Verbally confronting the police is a right all Americans have under the First Amendment.
Unreasonable Searches And Seizures. Even in the law enforcement context, the State may interfere with an individual's Fourth Amendment interests with less than probable cause and without a warrant if the intrusion is only minimal and is justified by law enforcement purposes. An essential purpose of a warrant requirement is to protect privacy interests by assuring citizens subject to a search or seizure that such intrusions are not the random or arbitrary acts of government agents.
Except in certain narrowly limited cases, the Court repeatedly has stated its 'insist[ence] upon probable cause as a minimum requirement for a reasonable search permitted by the Constitution.
Only when law enforcement faces an exigent circumstance is the warrant requirement exempted.
The Fourth Amendment provides no protection for what 'a person knowingly exposes to the public'. Like a man's facial characteristics, or handwriting, or his voice is repeatedly produced for others to hear. No person can have a reasonable expectation that others will not know the sound of his voice, any more than he can reasonably expect that his face will be a mystery to the world.
'No person shall be held to answer for a capital, or otherwise infamous crime, unless on a presentment or indictment of a Grand Jury, except in cases arising in the land or naval forces, or in the Militia, when in actual service in time of War or public danger; nor shall any person be subject for the same offence to be twice put in jeopardy of life or limb, nor shall be compelled in any criminal case to be a witness against himself, nor be deprived of life, liberty, or property, without due process of law; nor shall private property be taken for public use without just compensation.'
"In all criminal prosecutions, the accused shall enjoy the right to a speedy and public trial, by an impartial jury of the State and district wherein the crime shall have been committed, which district shall have been previously ascertained by law, and to be informed of the nature and cause of the accusation; to be confronted with the witnesses against him; to have compulsory process for obtaining witnesses in his favor, and to have the Assistance of Counsel for his defence." U.S. Const. amend. VI. The Sixth Amendment guarantees a criminal defendant the fundamental right to be clearly informed of the nature and course of the charges in order to permit adequate preparation of a defense.

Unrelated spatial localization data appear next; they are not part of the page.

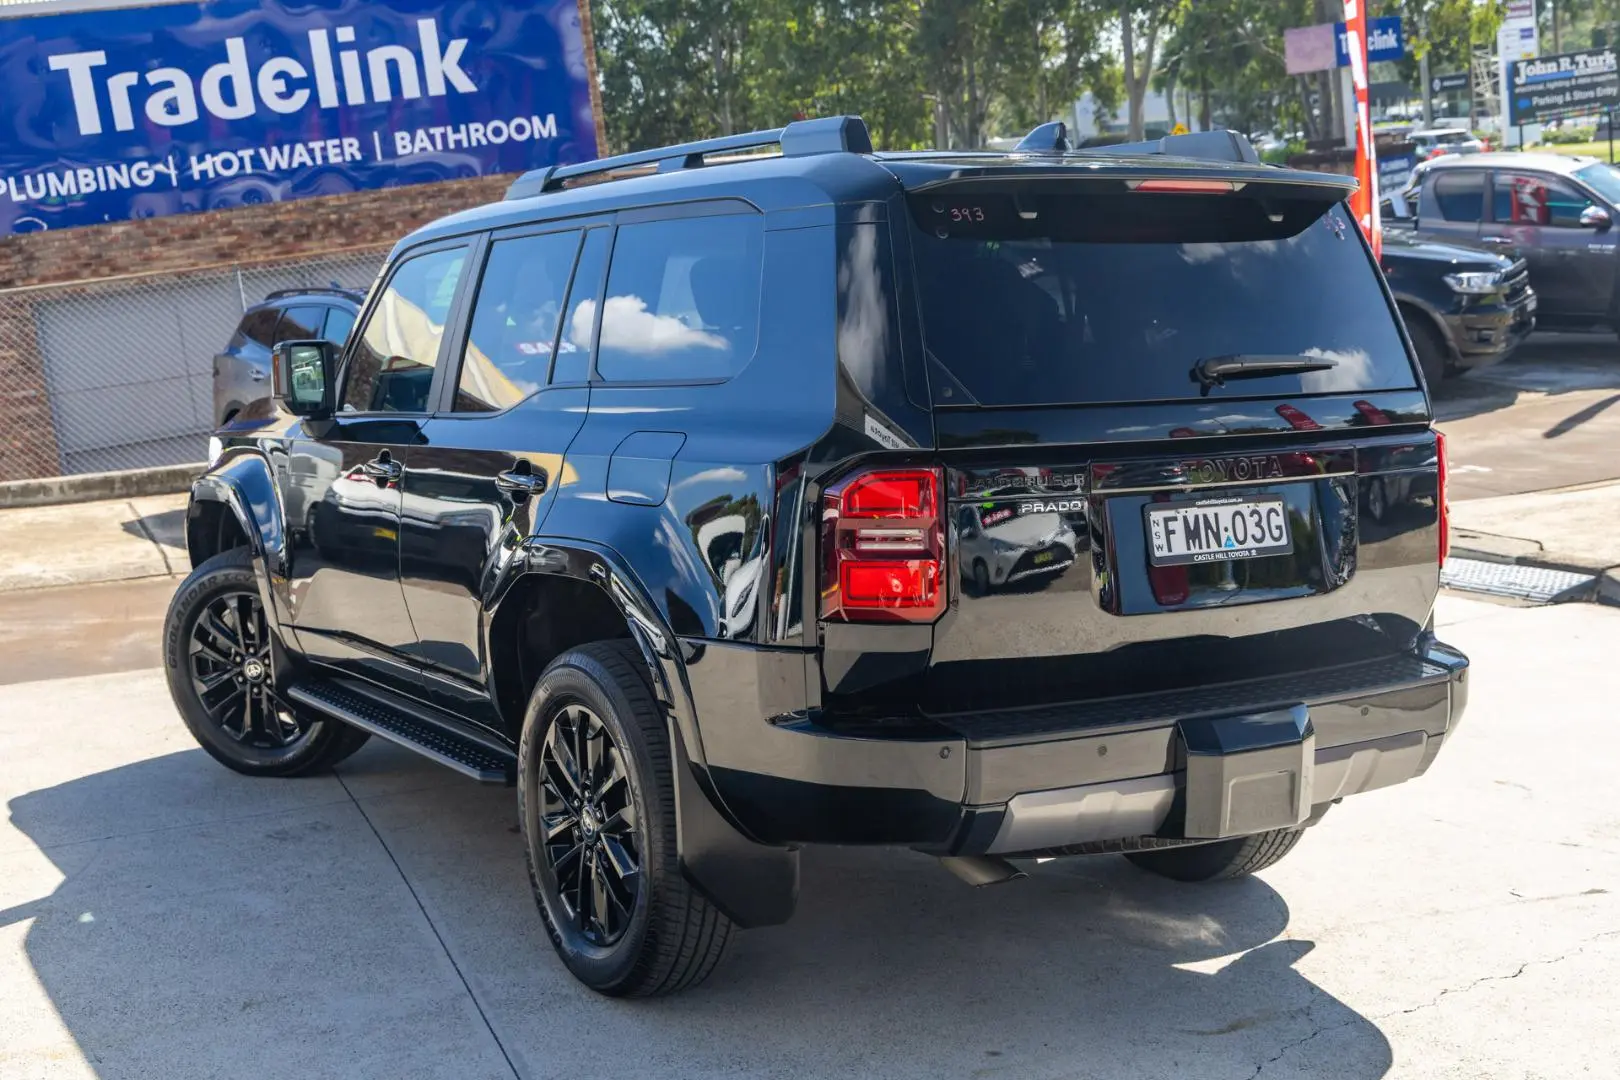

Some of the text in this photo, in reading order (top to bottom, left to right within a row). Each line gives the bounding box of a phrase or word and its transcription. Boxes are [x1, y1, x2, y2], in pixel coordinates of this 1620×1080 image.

[49, 18, 477, 135] Tradelink
[1514, 59, 1558, 85] John
[1574, 50, 1617, 71] Turk
[394, 114, 558, 156] BATHROOM
[191, 136, 362, 181] HOT WATER
[951, 206, 984, 224] 393
[1179, 455, 1284, 483] TOYOTA
[1021, 501, 1082, 513] PRADO
[1194, 550, 1250, 561] CASTLE HILL TOYOTA
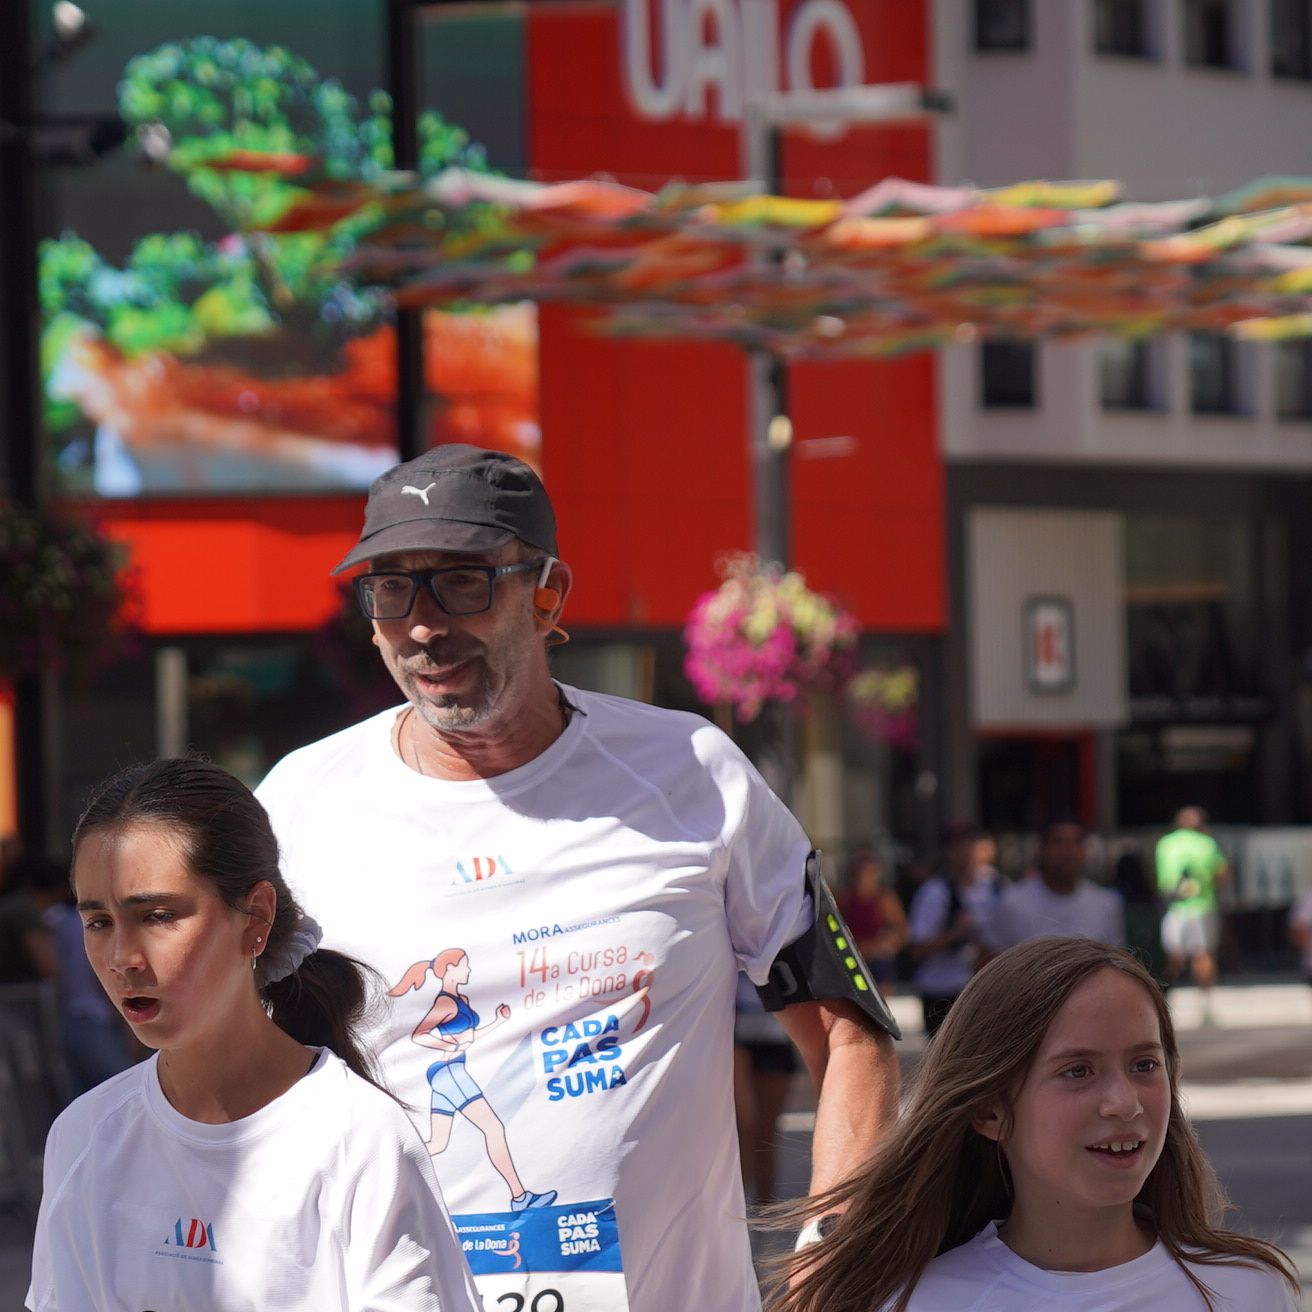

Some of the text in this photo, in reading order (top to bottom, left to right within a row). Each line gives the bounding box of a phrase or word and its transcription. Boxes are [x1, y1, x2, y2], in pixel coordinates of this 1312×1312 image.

The Sixth Amendment, which is applicable to the states through the Due Process Clause of the Fourteenth Amendment, guarantees a criminal defendant a fundamental right to be clearly informed of the nature and cause of the charges against him.
A murder trial is not one of the "games that people play." The due process clause does not serve as an innocent bystander. It acts as the umpire and referee all rolled into one and calls "foul" where rules of fair play are broken.